Location features are automatically created when a project is created from:
- The geometry described in a native geospatial data source (e.g., a Shapefile or a PostGIS database) will be recognized as a Location feature.
- Columns in tables that contain Well-Known Text or Well-Known Binary (Hex) are recognized as Location.
- If there are two features in the dataset that have names containing “latitude” and “longitude” (English only, case insensitive) and valid Location data, these will be automatically transformed into a Location feature. Only the first such pair in the dataset will be transformed.
All of the rows in a Location column must be of the same shape type, e.g., Point, Line, or Polygon.
You can manually create a Location feature from a pair of features with latitude and longitude data.
- These features must contain valid Location data.
- You must add this newly created feature to the feature list for the new feature to be used in modeling. For Autopilot, this is usually Informative Features.
Location AI provides several intuitive tools for Exploratory Spatial Data Analysis (ESDA) and to explore model performance insights.
The Unique Map visualization, which will display every Location on a map, is typically available. When datasets are sufficiently large the data is automatically aggregated to improve performance:
- In any dataset with more than 20,000 unique geometries (points, lines, or polygons).
- Datasets with polygons or lines with more than 50,000 total vertices.
Accuracy Over Space is available for Regression projects only.
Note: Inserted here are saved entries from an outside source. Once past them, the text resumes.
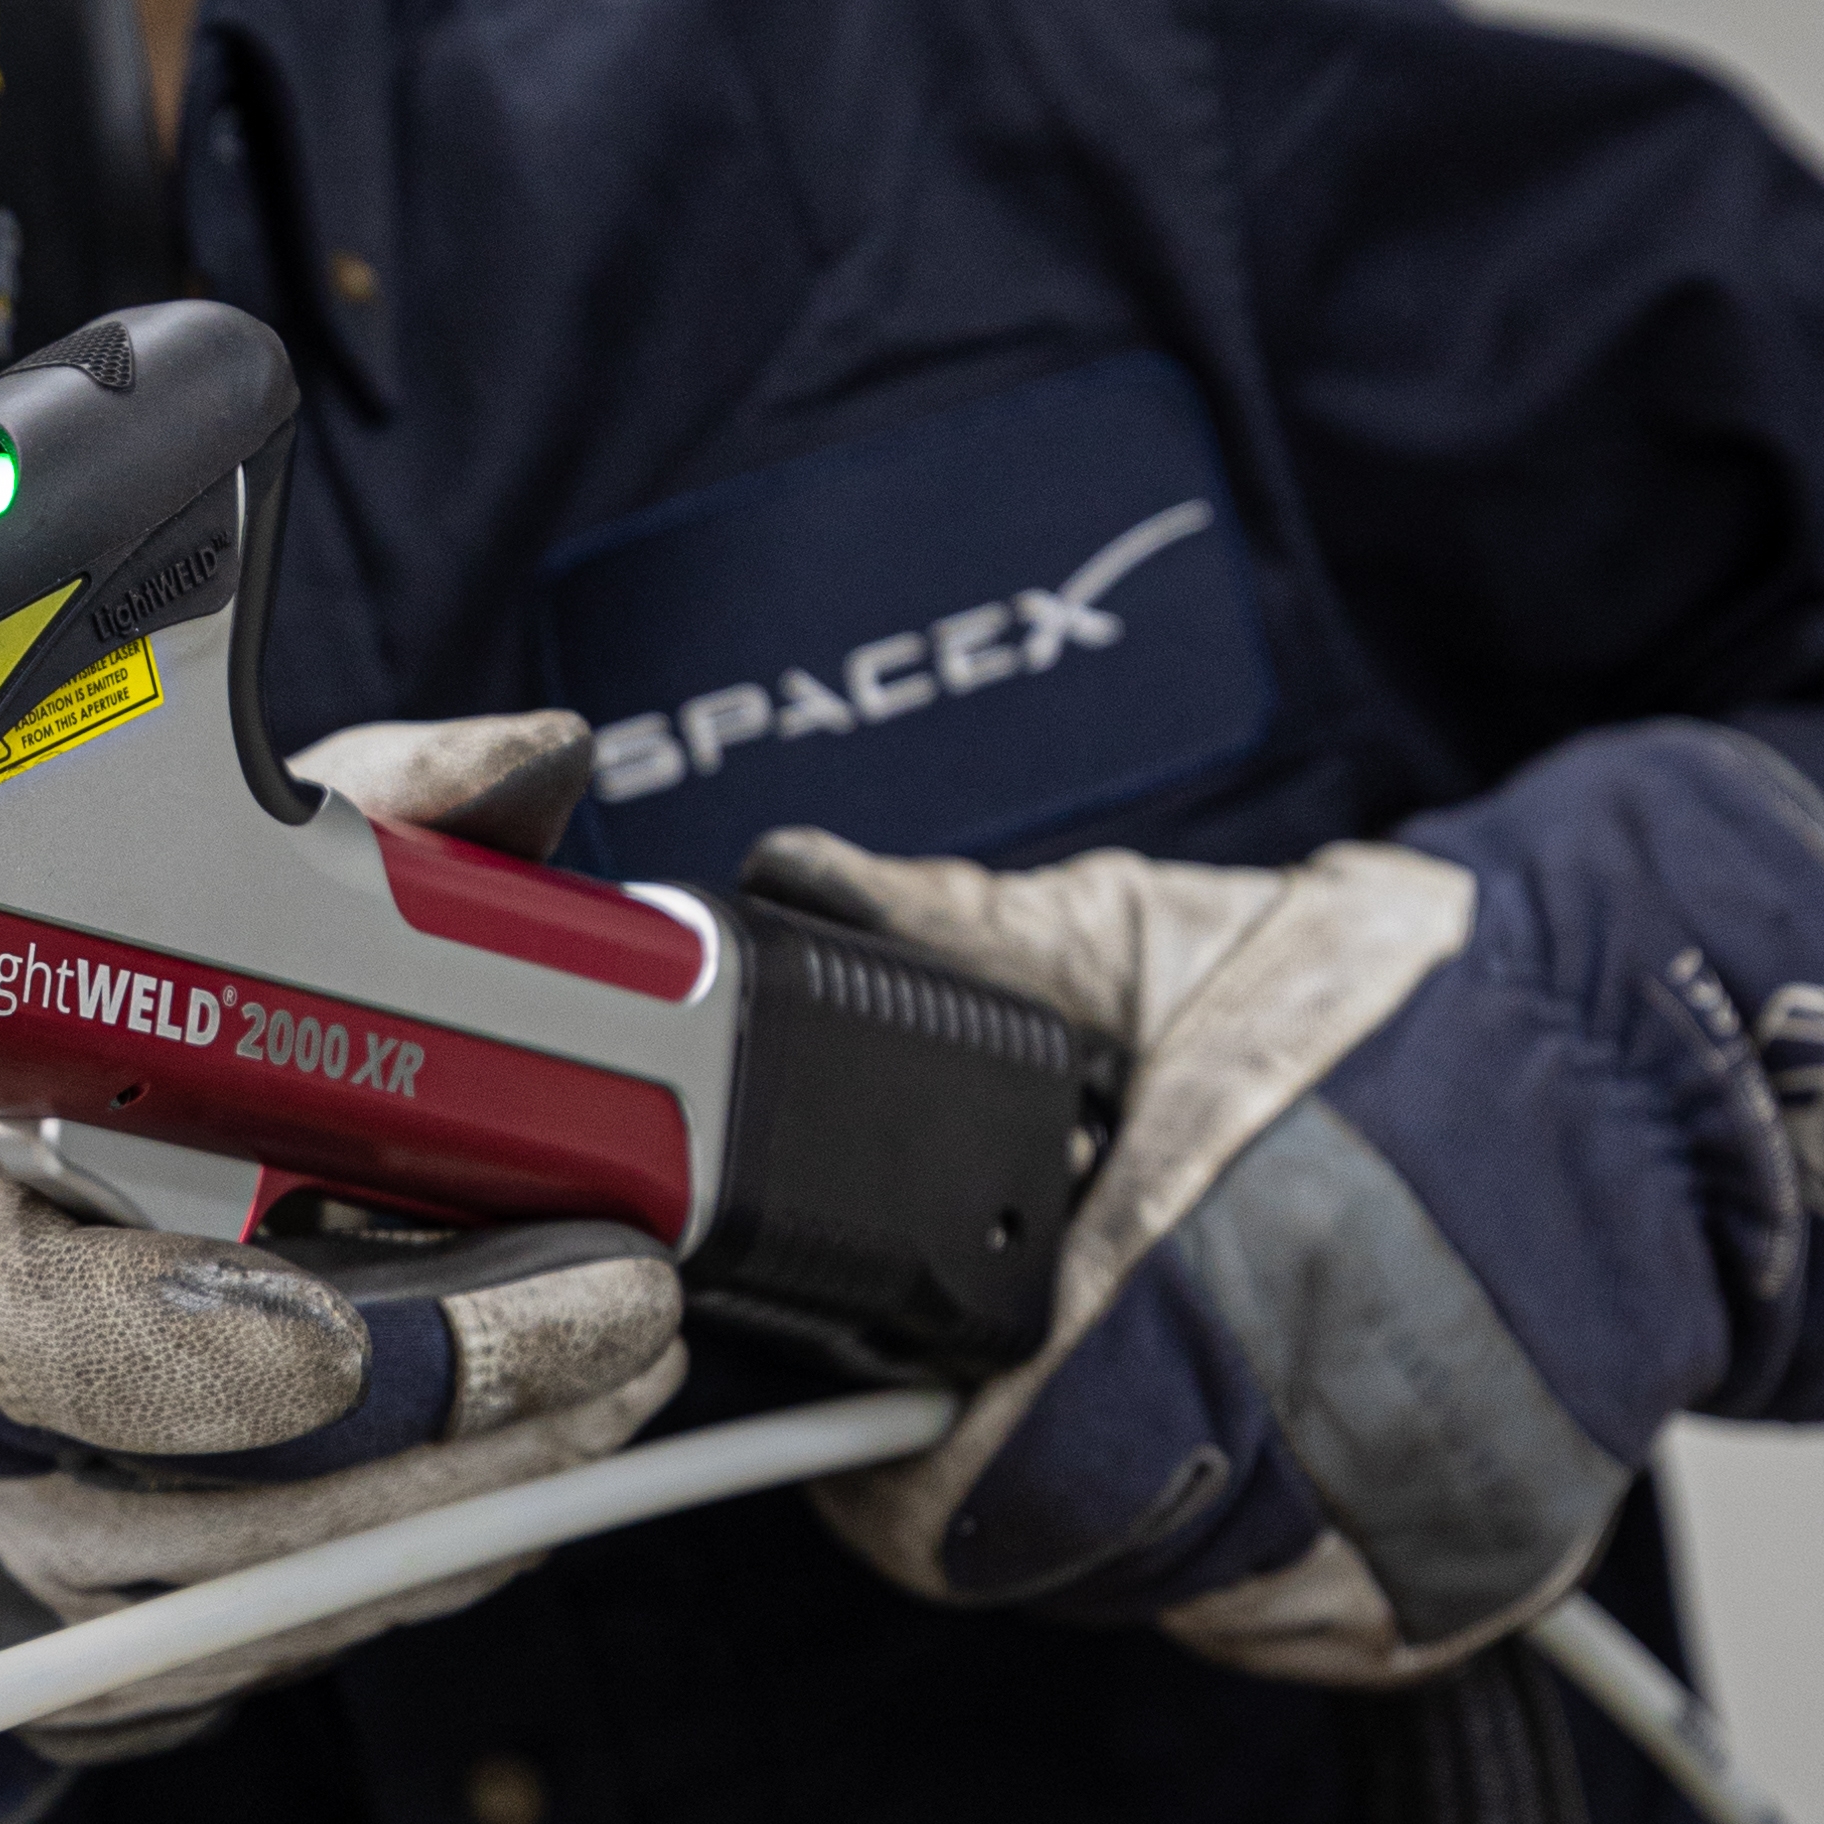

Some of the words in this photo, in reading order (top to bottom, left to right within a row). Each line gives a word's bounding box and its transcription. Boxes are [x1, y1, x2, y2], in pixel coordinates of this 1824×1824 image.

[109, 641, 141, 666] LASER
[590, 497, 1215, 805] SPACEX
[75, 687, 86, 703] IS
[87, 667, 128, 697] EMITTED
[21, 723, 55, 749] FROM
[55, 711, 78, 733] THIS
[80, 686, 130, 722] APERTURE
[236, 1002, 349, 1080] 2000
[350, 1032, 424, 1098] XR
It is not available when using Over Time Validation (OTV).
When using Location AI, modeling blueprints are enhanced to take advantage of the important information often provided by location.
Location AI can be used for Exploratory Spatial Data Analysis (ESDA) in multiclass projects, but Location AI models will only be available for regression, binary classification, anomaly detection, and clustering projects.
Time series is not supported.
The Spatial Neighborhood Featurizer will not run if there are more than 100,000 rows or more than 500 numeric columns in a dataset.
In cases of point Location features created by transforming a latitude and longitude feature, you may wish to exclude the original latitude and longitude feature from the feature list during modeling, as these carry the same information as the new Location feature.
Some modeling blueprints do not support Location AI, such as Gaussian Process Regressors and Eureqa models. Some blueprints may run in Autopilot or be available in the Repository that will not use the location information.
Scoring Code export is not supported.